What you will do> Word for word, print each record, dropping any image it holds.

The data>
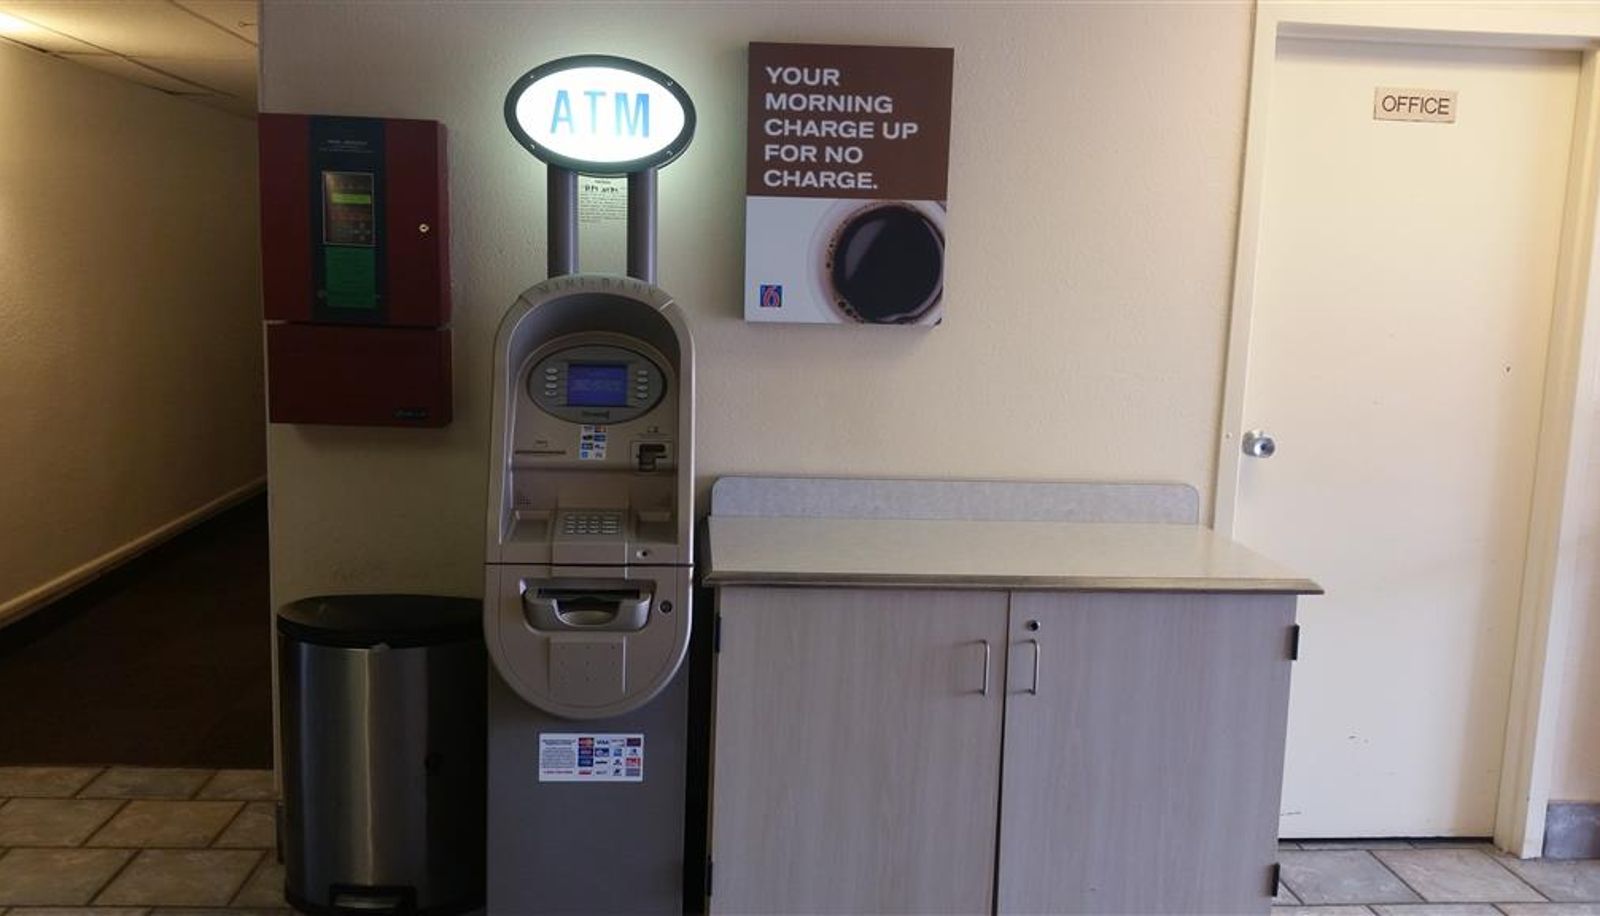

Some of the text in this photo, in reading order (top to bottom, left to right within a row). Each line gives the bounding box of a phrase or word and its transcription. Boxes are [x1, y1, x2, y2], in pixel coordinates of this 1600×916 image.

[765, 66, 840, 86] YOUR
[765, 92, 894, 114] MORNING
[1381, 94, 1451, 115] OFFICE
[550, 90, 650, 138] ATM
[764, 118, 919, 140] CHARGE UP
[764, 144, 864, 164] FOR NO
[763, 169, 878, 190] CHARGE.
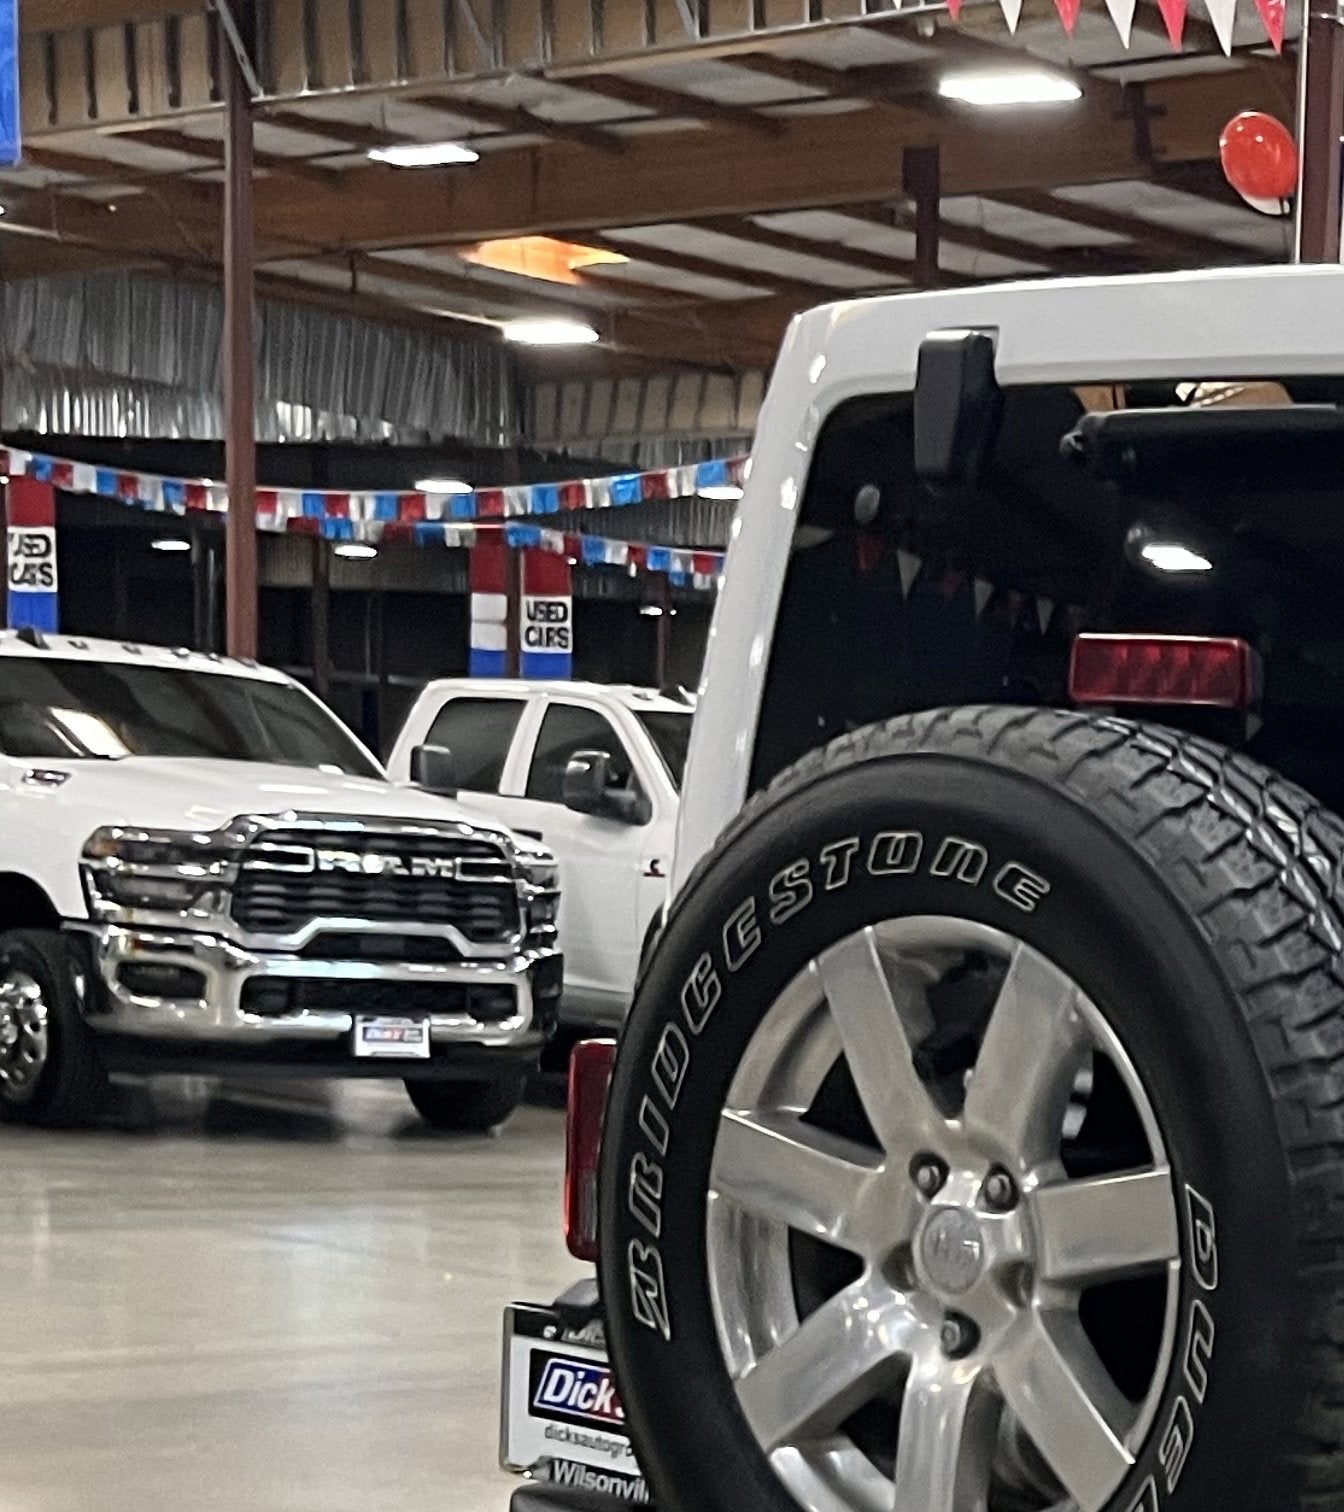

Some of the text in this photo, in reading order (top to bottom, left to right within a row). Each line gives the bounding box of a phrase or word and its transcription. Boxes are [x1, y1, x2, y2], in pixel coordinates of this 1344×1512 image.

[525, 600, 569, 623] USED
[316, 849, 455, 878] RAM
[628, 830, 1051, 1342] BRIDGESTONE
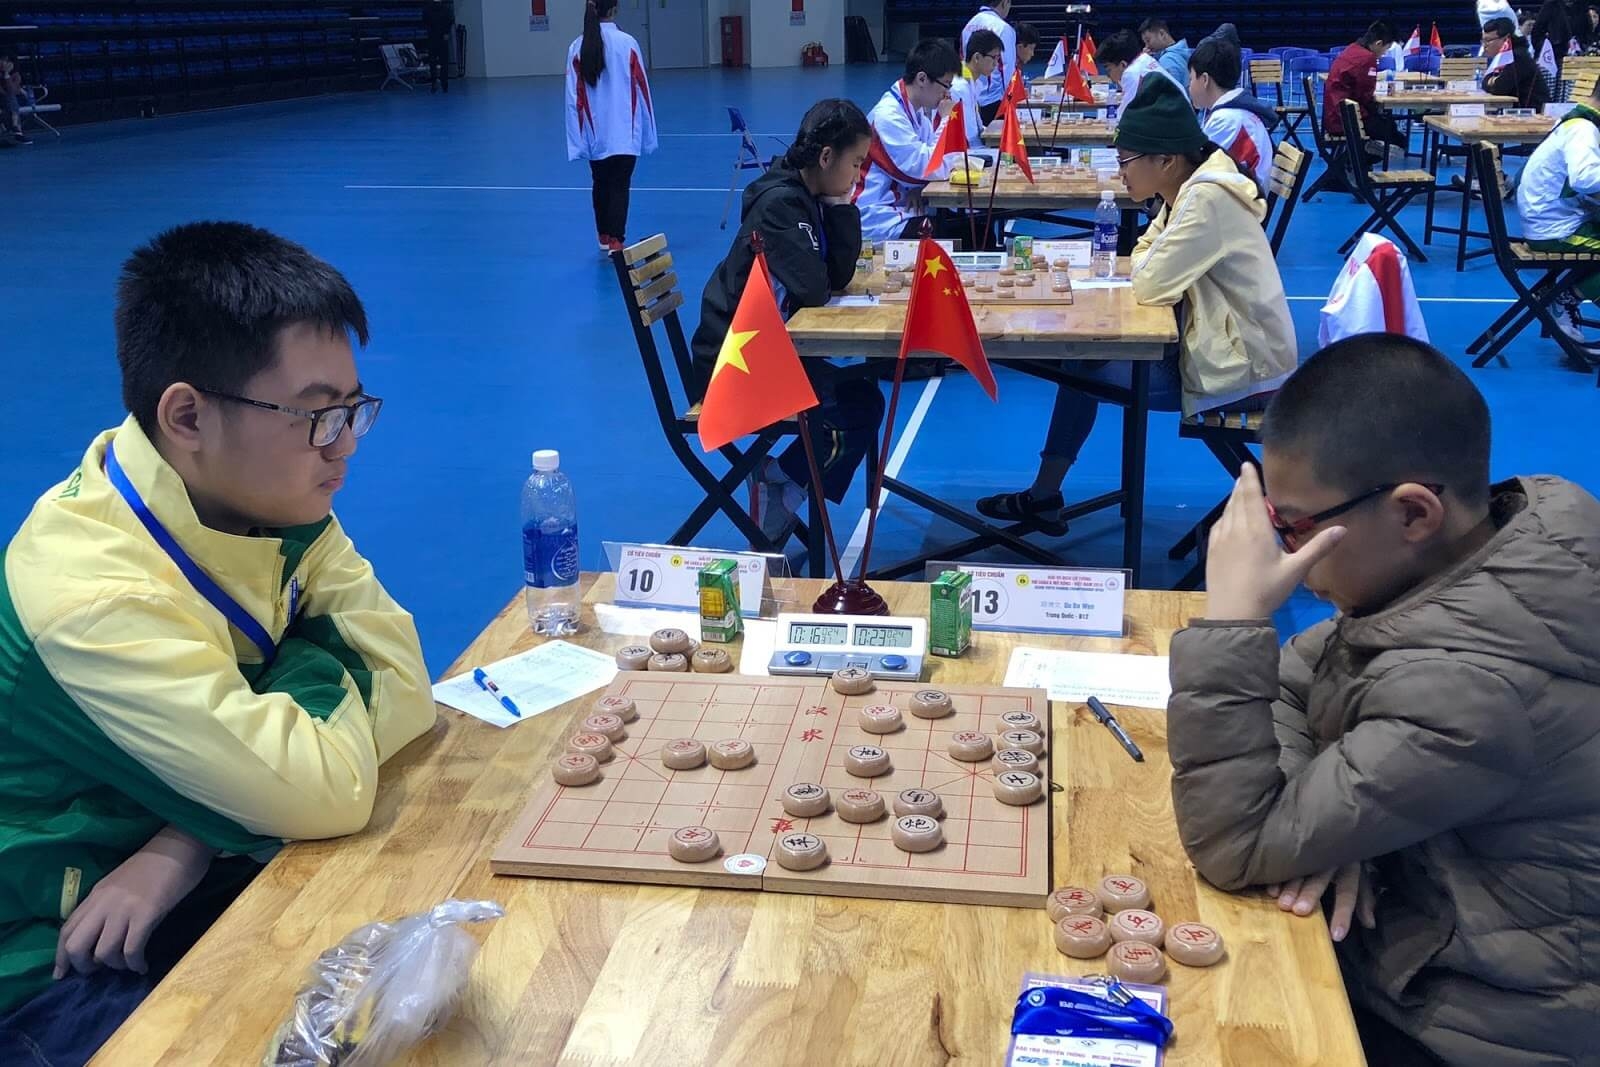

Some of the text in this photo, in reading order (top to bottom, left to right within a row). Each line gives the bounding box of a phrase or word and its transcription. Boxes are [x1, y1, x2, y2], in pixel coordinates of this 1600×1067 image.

Answer box>
Some of the text in this photo, in reading order (top to bottom, left to right within a row). Each line gives the bounding box of a phrase or word and its transcription. Boxes are [x1, y1, x2, y2], in pixel coordinates of this 1600×916 image.

[765, 66, 840, 86] YOUR
[765, 92, 894, 114] MORNING
[1381, 94, 1451, 115] OFFICE
[550, 90, 650, 138] ATM
[764, 118, 919, 140] CHARGE UP
[764, 144, 864, 164] FOR NO
[763, 169, 878, 190] CHARGE.

Some of the text in this photo, in reading order (top to bottom, left to right within a row). Each line gives the bounding box of a phrase or word and its transcription. Boxes are [x1, y1, x2, y2], in pixel coordinates of this 1344×1512 image.

[525, 600, 569, 623] USED
[316, 849, 455, 878] RAM
[628, 830, 1051, 1342] BRIDGESTONE

Some of the text in this photo, in reading order (top to bottom, left to right within a row). Each line gives the bounding box of a phrase or word and its transcription. Boxes are [x1, y1, x2, y2], in pixel coordinates of this 1600×1067 image.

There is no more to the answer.